Sabendo da tua referência a Cornelius Cardew, esta consideração estaria à partida errada, por isso queria talhar esse espaço negativo para chegar ao que estás a fazer (assim como o espaço negativo de uma cadeira de De Kooning deu depois origem à obra do Bruce Nauman). Tendo em conta o hiato geracional entre nós, gostaria de perceber melhor qual o princípio criador destas peças.
Andreia Santana (AS): O espaço negativo que observaste, na primeira abordagem ao meu trabalho, e que consequentemente te fez referir Ponto, Linha, Plano de Kandinsky, é meramente uma evocação, existe apenas na génese da sua criação e nunca no aspecto ou apresentação formal do próprio trabalho.
As formas que vemos no espaço materializam os vários gestos levados a cabo por um condutor de orquestra durante uma performance. E aqui, poderias novamente comparar com as inúmeras tentativas de Kandinsky de transformar a música num modelo para a pintura. Estes gestos não correspondem a notas musicais, mas sim a pausas no meio de uma partitura, como se fossem pausas personificadas que tomam o lugar do agente, na sua ausência ou quietude — sem jamais ocupá-lo ou substituí-lo fisicamente.
A transcendência é assim alcançada através da invisibilidade ou, por outras palavras, de uma materialidade interior. Interrupções, pausas, paragens e descanso dos músicos e performers aparecem aqui com a mesma importância que as notas que eles tocam.
Tendo em conta a mudança de paradigma desde Marx e dos pós-fordistas, vejo aqui uma tentativa de questionar não apenas a imaterialidade do trabalho e sua mecanização, mas a imaterialidade do “tempo livre”.

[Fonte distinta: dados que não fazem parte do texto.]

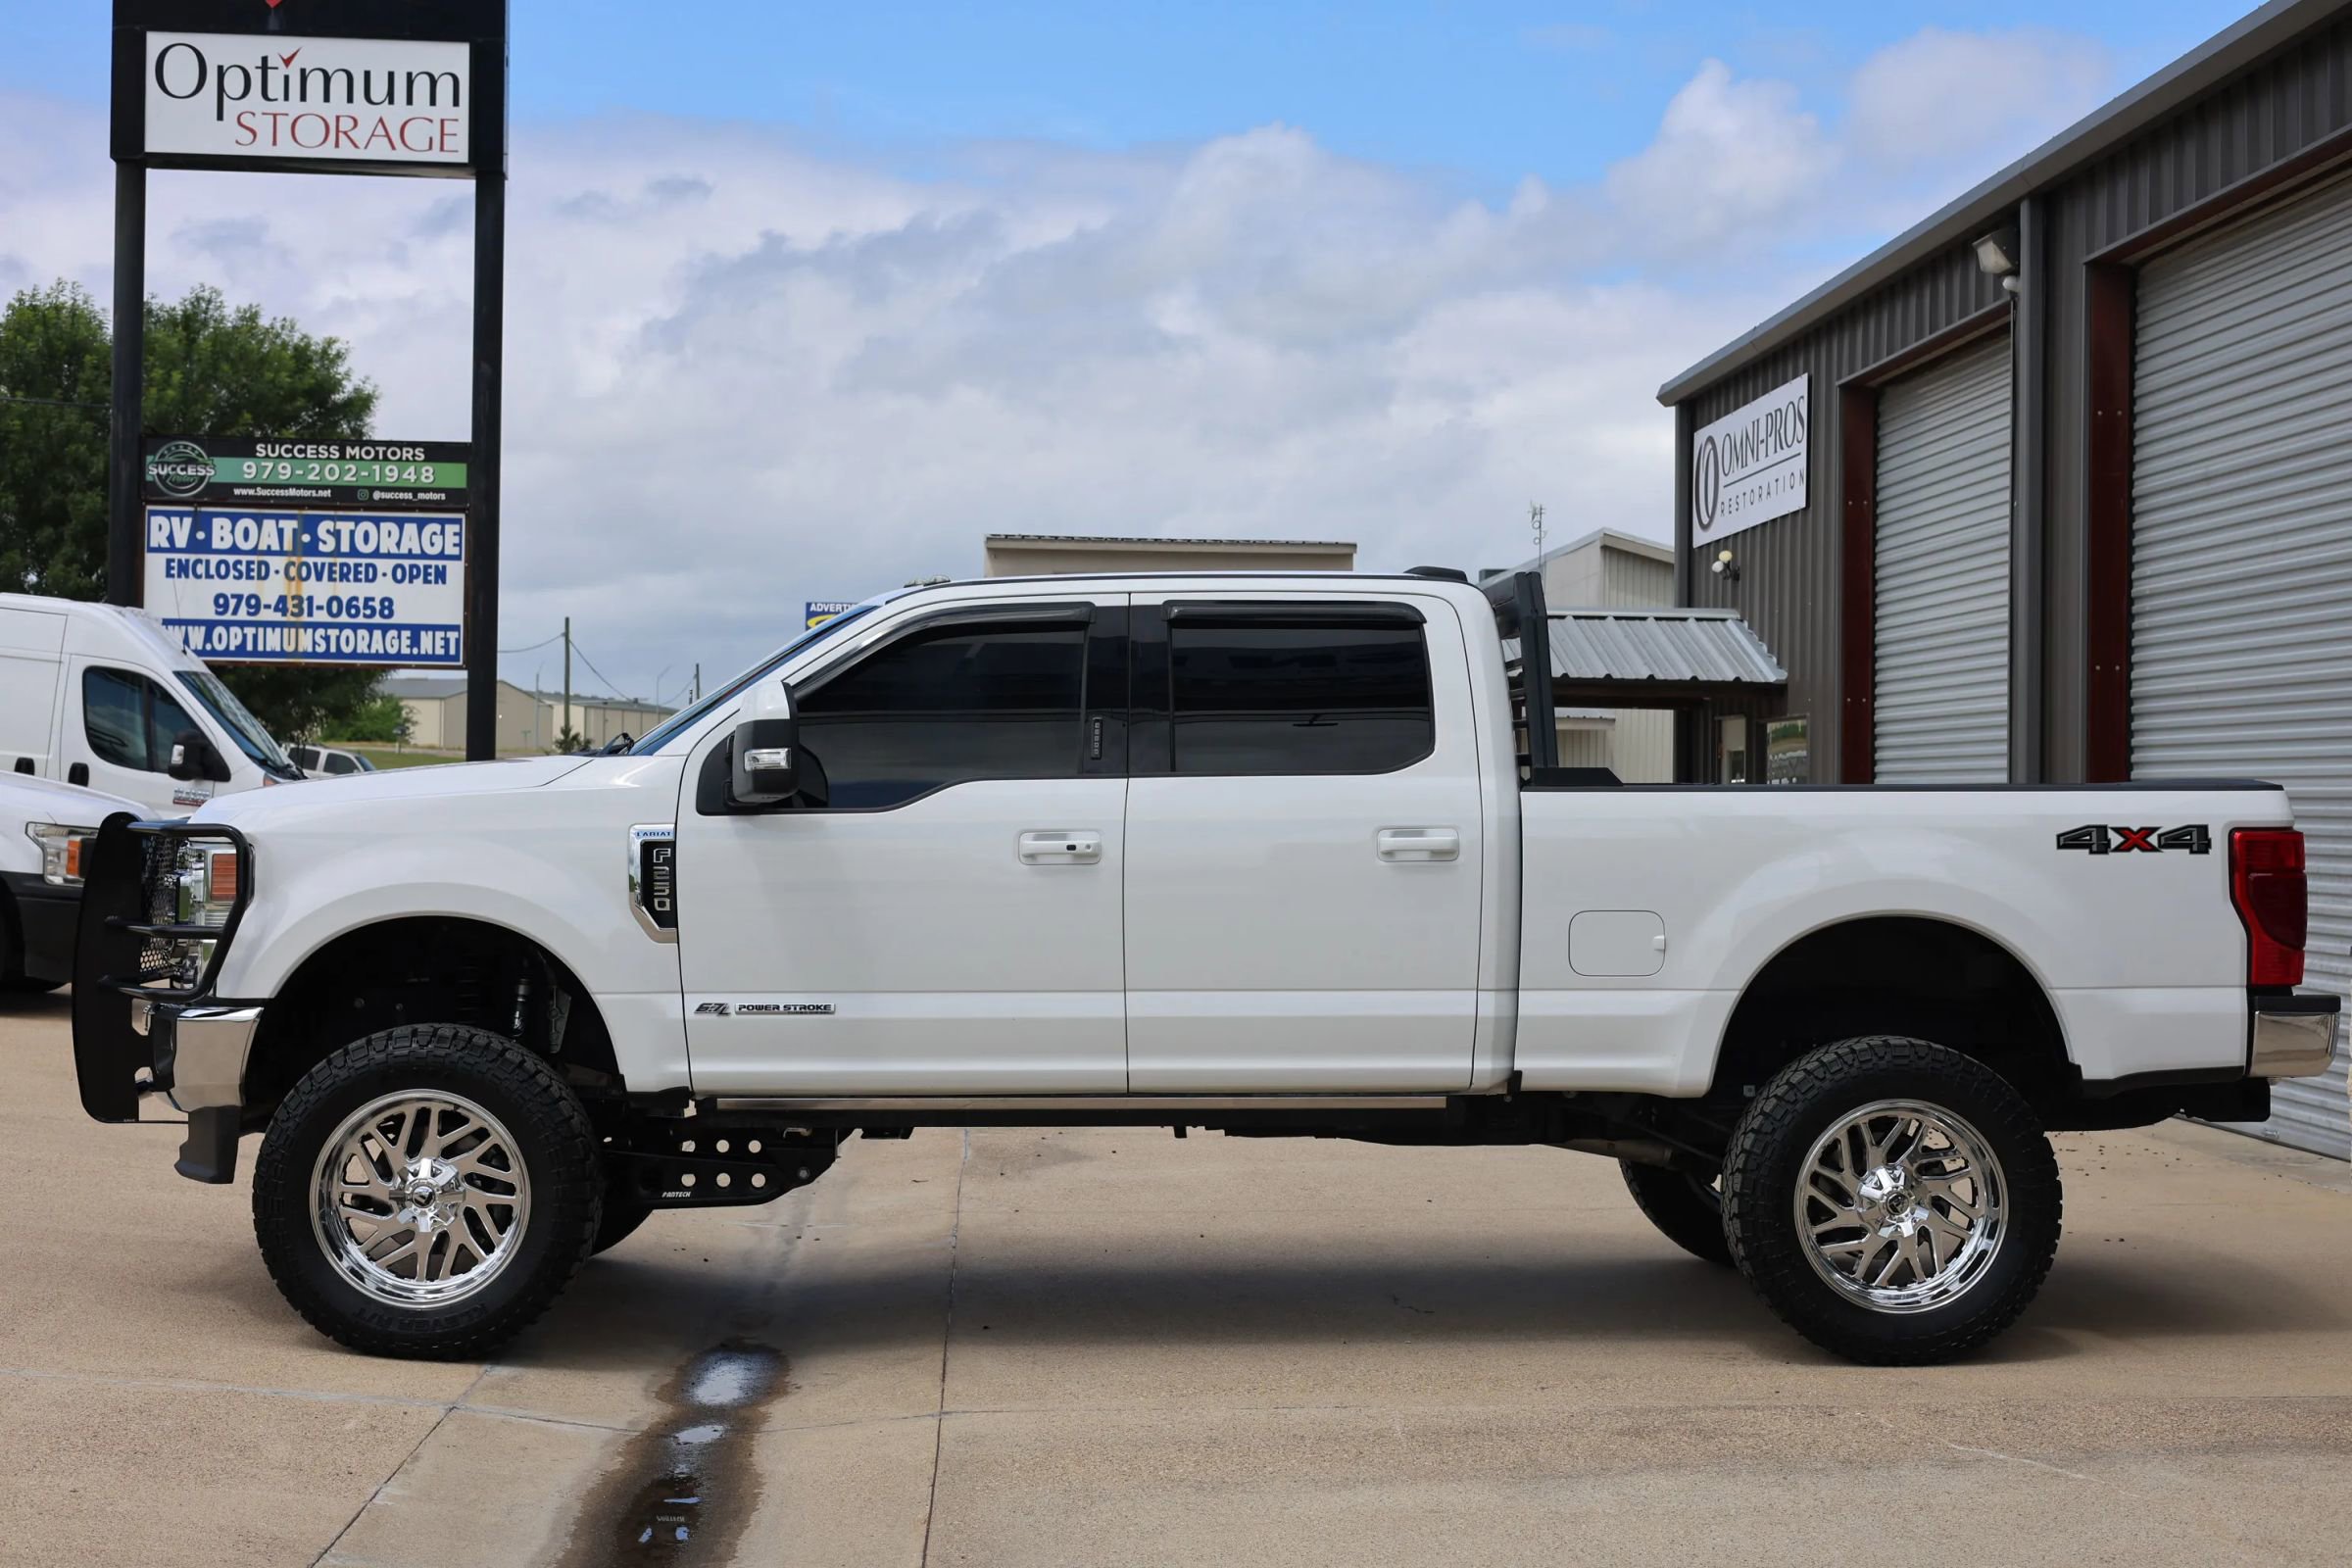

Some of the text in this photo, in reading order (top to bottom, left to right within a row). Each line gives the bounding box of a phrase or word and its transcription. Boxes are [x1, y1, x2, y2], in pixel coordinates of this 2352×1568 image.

As capacidades de conhecimento, linguagem, comunicação e afetividade foram "postas a trabalhar" e as temporalidades do trabalho e do tempo livre tornaram-se cada vez mais difíceis de diferenciar à medida que o trabalho se expande dos vários locais de trabalho tradicionais para a “fábrica social”. Considerando The Soul at Work. From Alienation to Autonomy de Bifo Berardi, “the animated social body” deve esforçar-se através da exploração constante das capacidades latentes do próprio corpo produtivo, fazendo uso das diferentes formas de pausa e rupturas como formas de retaliação contra o capitalismo.
Em colaboração com Tiago Ângelo, desenvolvi obras que servem não só como objectos prontos a serem "vocalizados" ou "sonorizados", mas, principalmente, obras que criam essa partitura musical imóvel ao longo da instalação e que se prestarão ao uso do performer, como um recuperar de fôlego.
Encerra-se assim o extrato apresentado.